(Records from a data source)
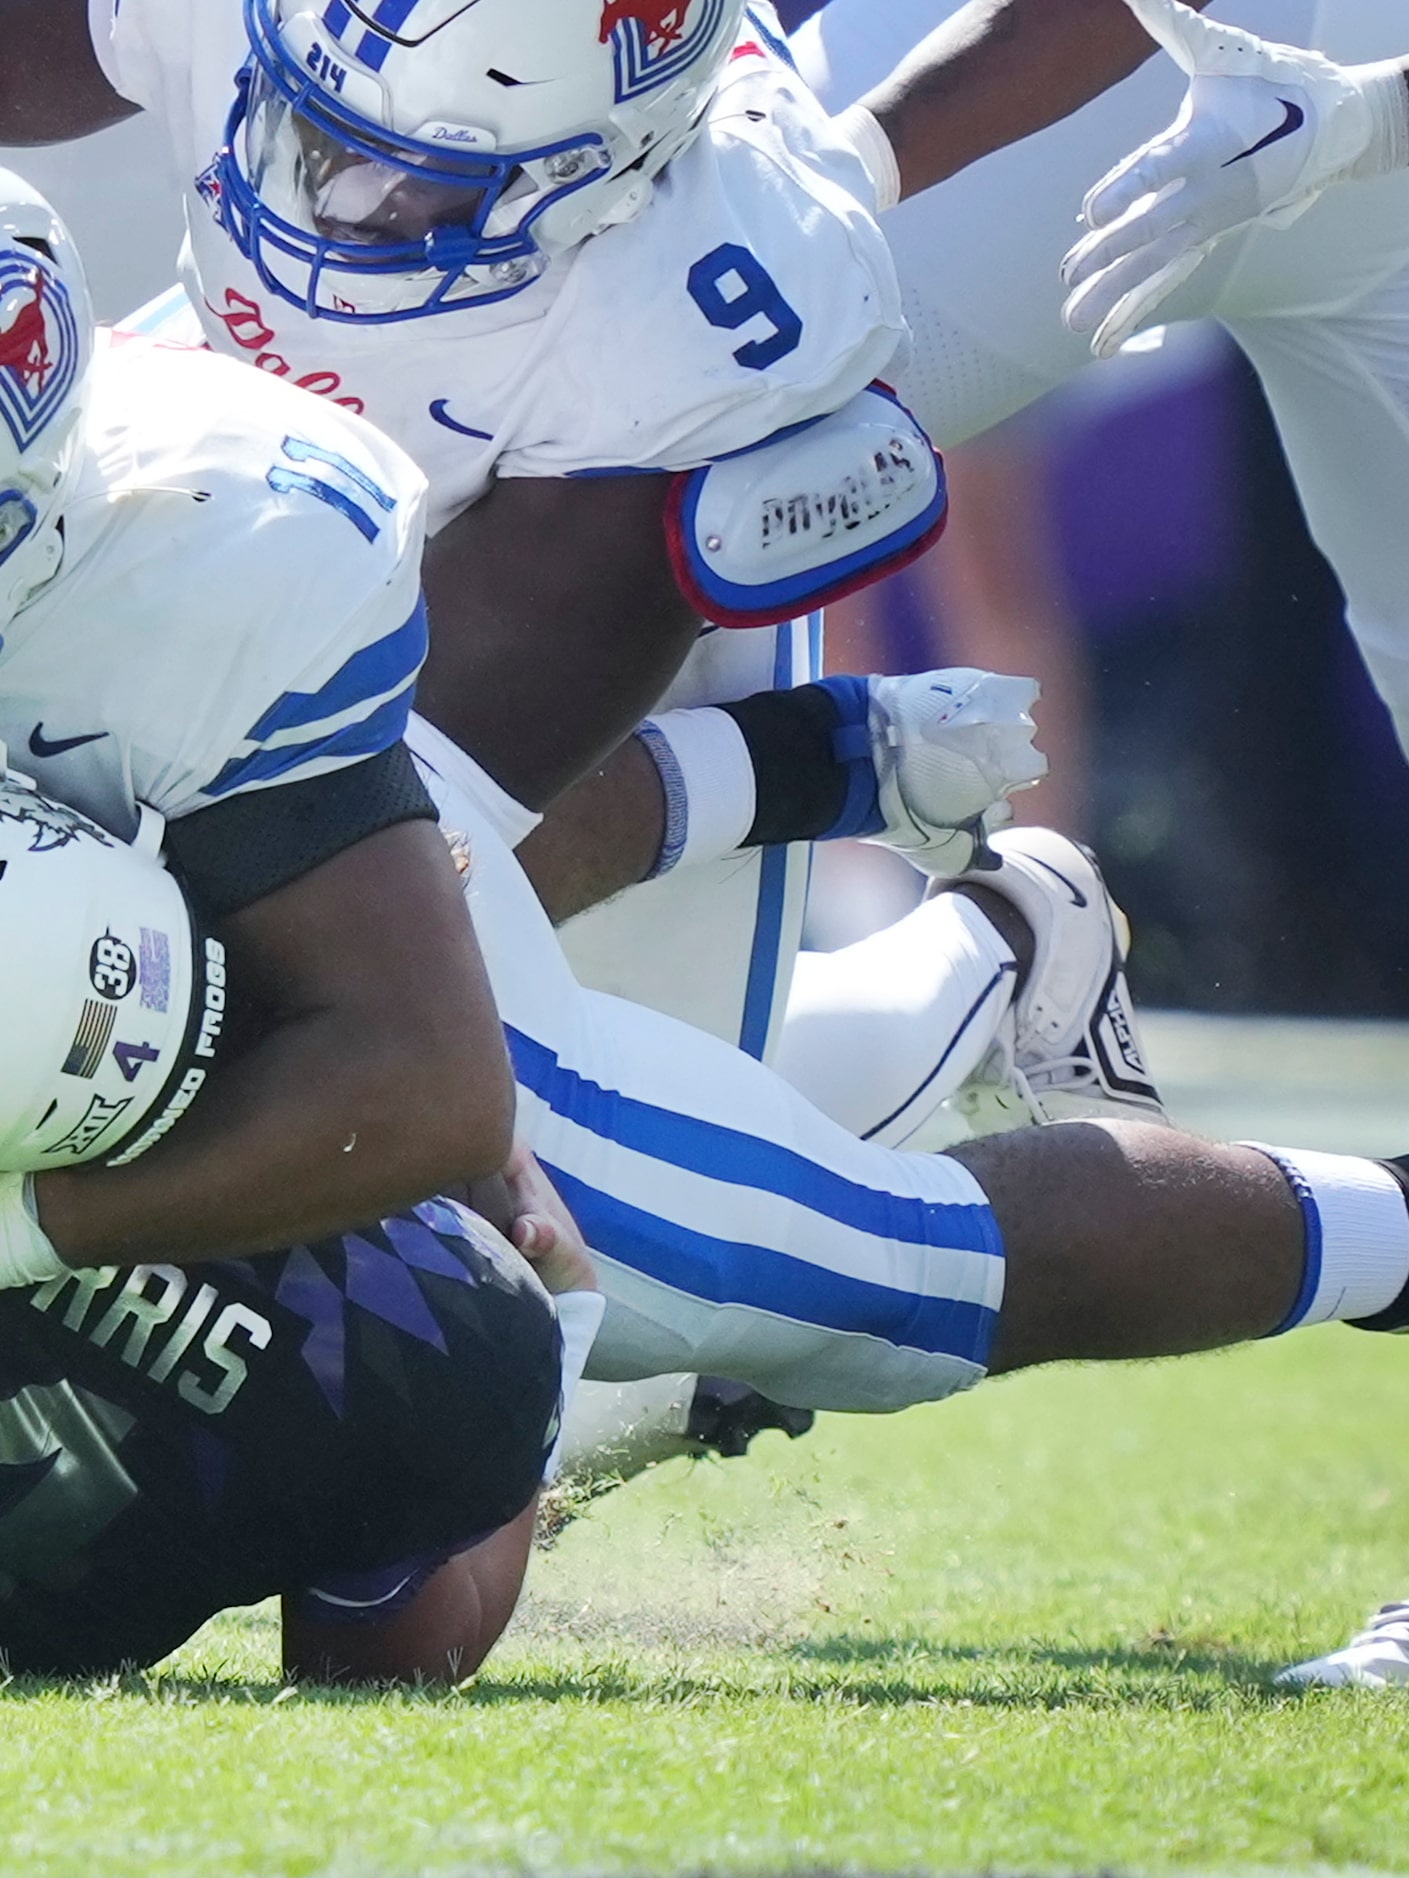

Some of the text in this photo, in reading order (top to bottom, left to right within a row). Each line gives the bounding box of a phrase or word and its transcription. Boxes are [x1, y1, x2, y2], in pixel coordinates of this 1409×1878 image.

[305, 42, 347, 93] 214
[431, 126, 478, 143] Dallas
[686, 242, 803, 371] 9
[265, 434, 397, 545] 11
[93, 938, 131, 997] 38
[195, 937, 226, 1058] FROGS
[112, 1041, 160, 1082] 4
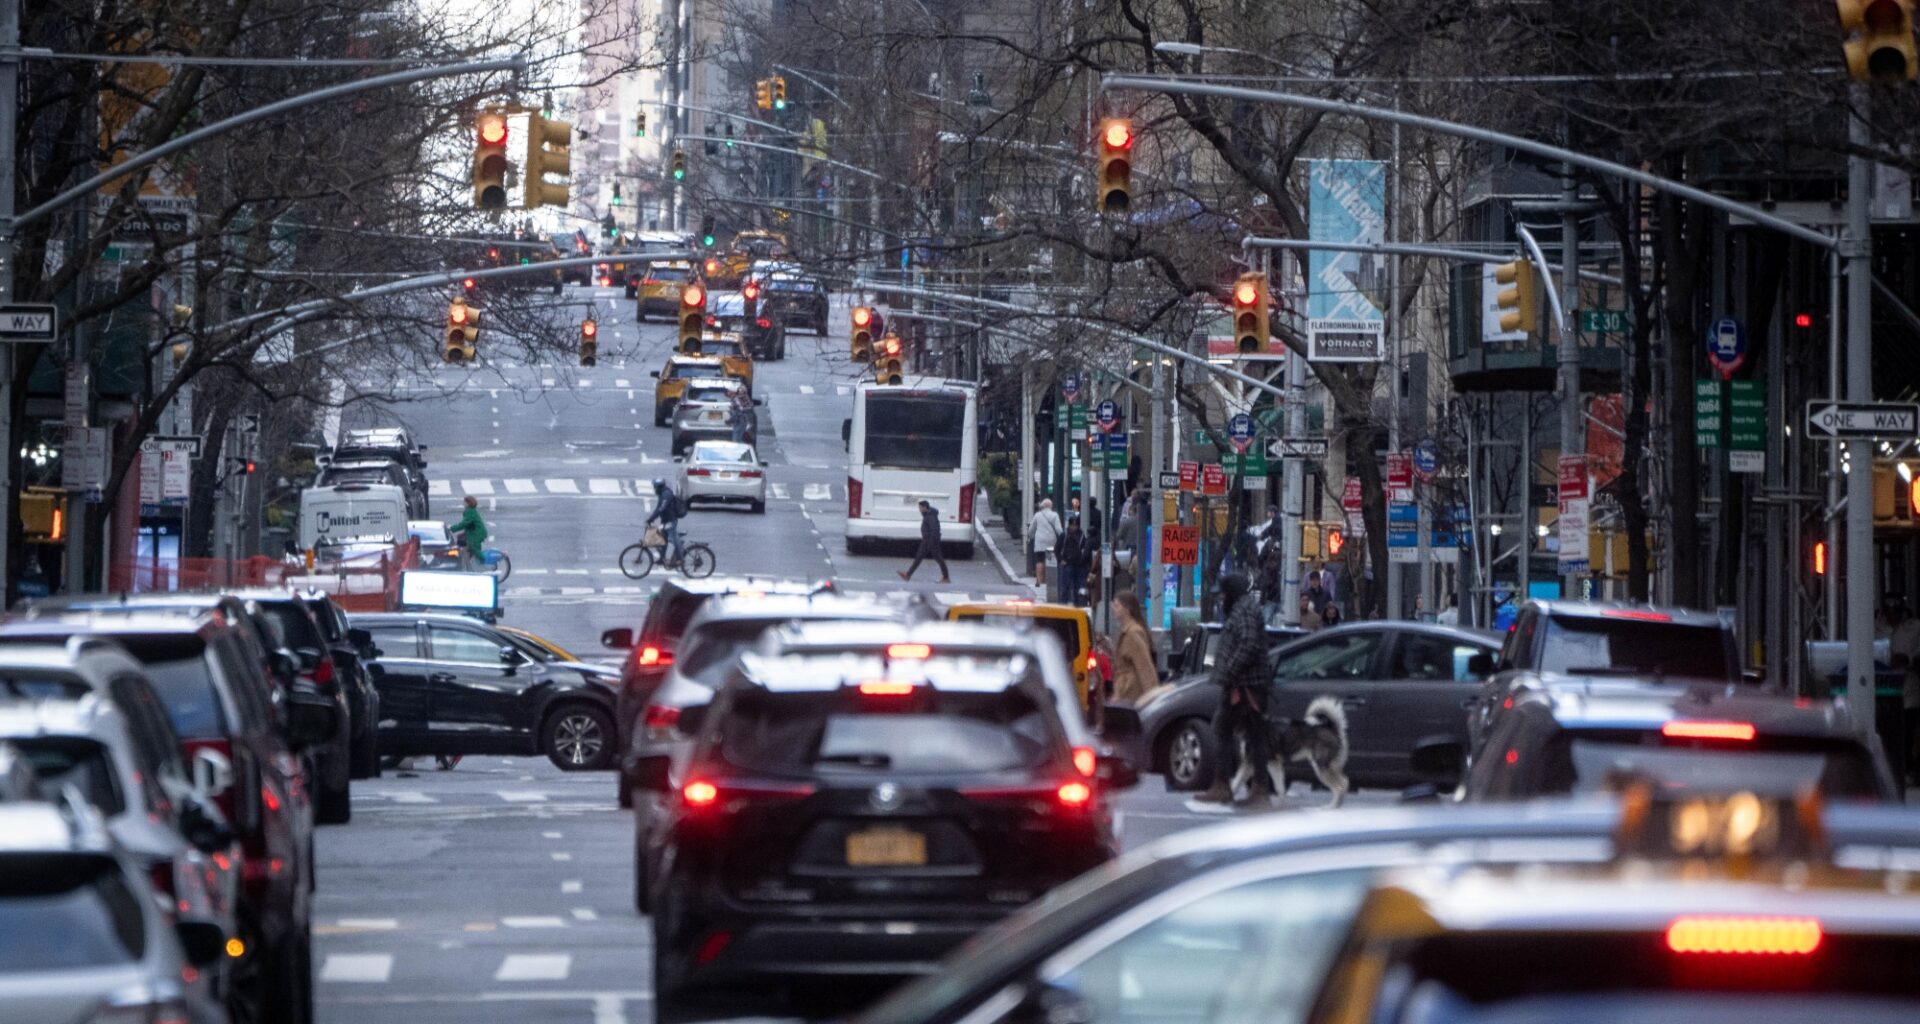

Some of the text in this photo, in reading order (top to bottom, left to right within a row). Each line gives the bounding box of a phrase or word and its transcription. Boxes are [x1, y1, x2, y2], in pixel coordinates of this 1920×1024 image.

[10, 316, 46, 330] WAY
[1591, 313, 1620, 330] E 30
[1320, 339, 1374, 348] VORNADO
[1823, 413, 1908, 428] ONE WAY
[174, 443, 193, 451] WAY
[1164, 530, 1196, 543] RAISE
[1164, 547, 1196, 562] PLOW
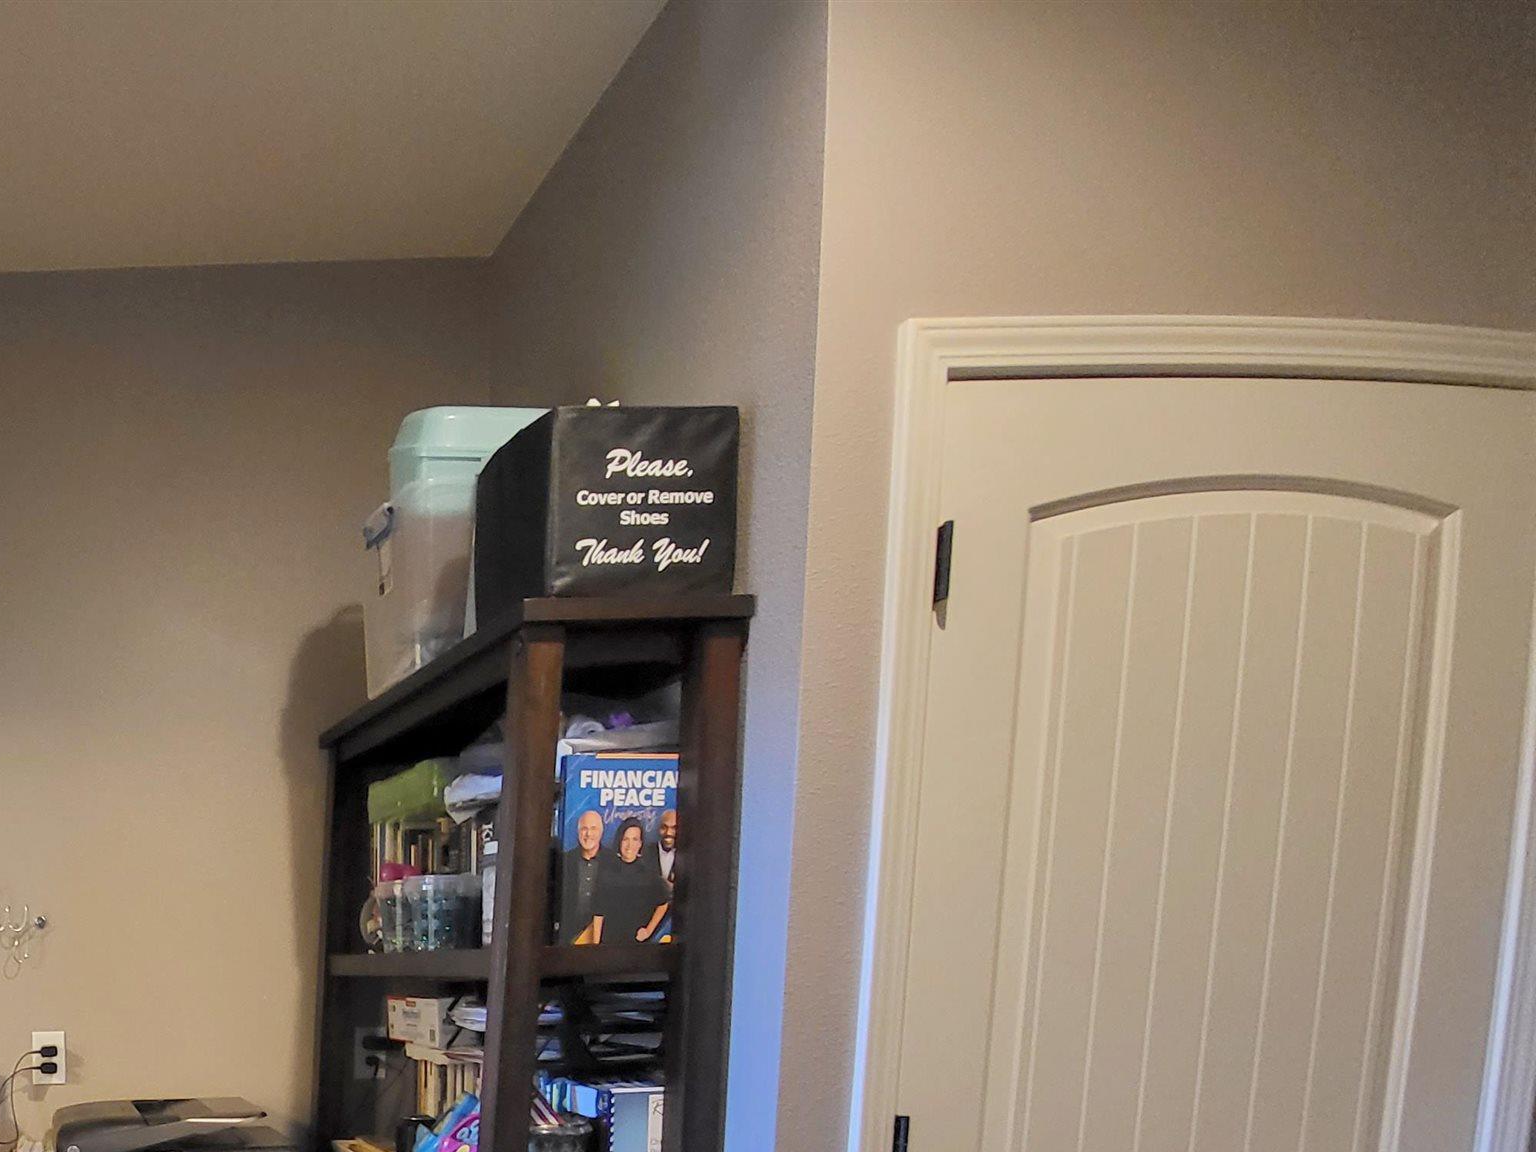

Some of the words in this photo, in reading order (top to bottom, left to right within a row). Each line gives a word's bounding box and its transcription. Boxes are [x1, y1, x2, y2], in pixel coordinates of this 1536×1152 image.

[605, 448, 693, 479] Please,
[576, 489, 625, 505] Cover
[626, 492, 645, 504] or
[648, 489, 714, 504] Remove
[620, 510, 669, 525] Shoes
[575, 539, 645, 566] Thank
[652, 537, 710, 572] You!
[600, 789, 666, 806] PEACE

> **Problem to solve**
Output all the records, word for word, with no pictures in the copy.

> **Completed task**
Some of the text in this photo, in reading order (top to bottom, left to right within a row). Each line gives the bounding box of a phrase or word and its transcription. Boxes are [x1, y1, x2, y2], in pixel coordinates of this 1409×1878 image.

[305, 42, 347, 93] 214
[431, 126, 478, 143] Dallas
[686, 242, 803, 371] 9
[265, 434, 397, 545] 11
[93, 938, 131, 997] 38
[195, 937, 226, 1058] FROGS
[112, 1041, 160, 1082] 4

Some of the text in this photo, in reading order (top to bottom, left to right within a row). Each line gives the bounding box of a phrase or word and its transcription. Boxes are [x1, y1, x2, y2], in pixel coordinates of this 1920×1024 image.

[10, 316, 46, 330] WAY
[1591, 313, 1620, 330] E 30
[1320, 339, 1374, 348] VORNADO
[1823, 413, 1908, 428] ONE WAY
[174, 443, 193, 451] WAY
[1164, 530, 1196, 543] RAISE
[1164, 547, 1196, 562] PLOW

Some of the words in this photo, in reading order (top to bottom, left to right within a row). Each line gives a word's bounding box and its transcription. Boxes are [x1, y1, x2, y2], in pixel coordinates of this 1536×1152 image.

[605, 448, 693, 479] Please,
[576, 489, 625, 505] Cover
[626, 492, 645, 504] or
[648, 489, 714, 504] Remove
[620, 510, 669, 525] Shoes
[575, 539, 645, 566] Thank
[652, 537, 710, 572] You!
[600, 789, 666, 806] PEACE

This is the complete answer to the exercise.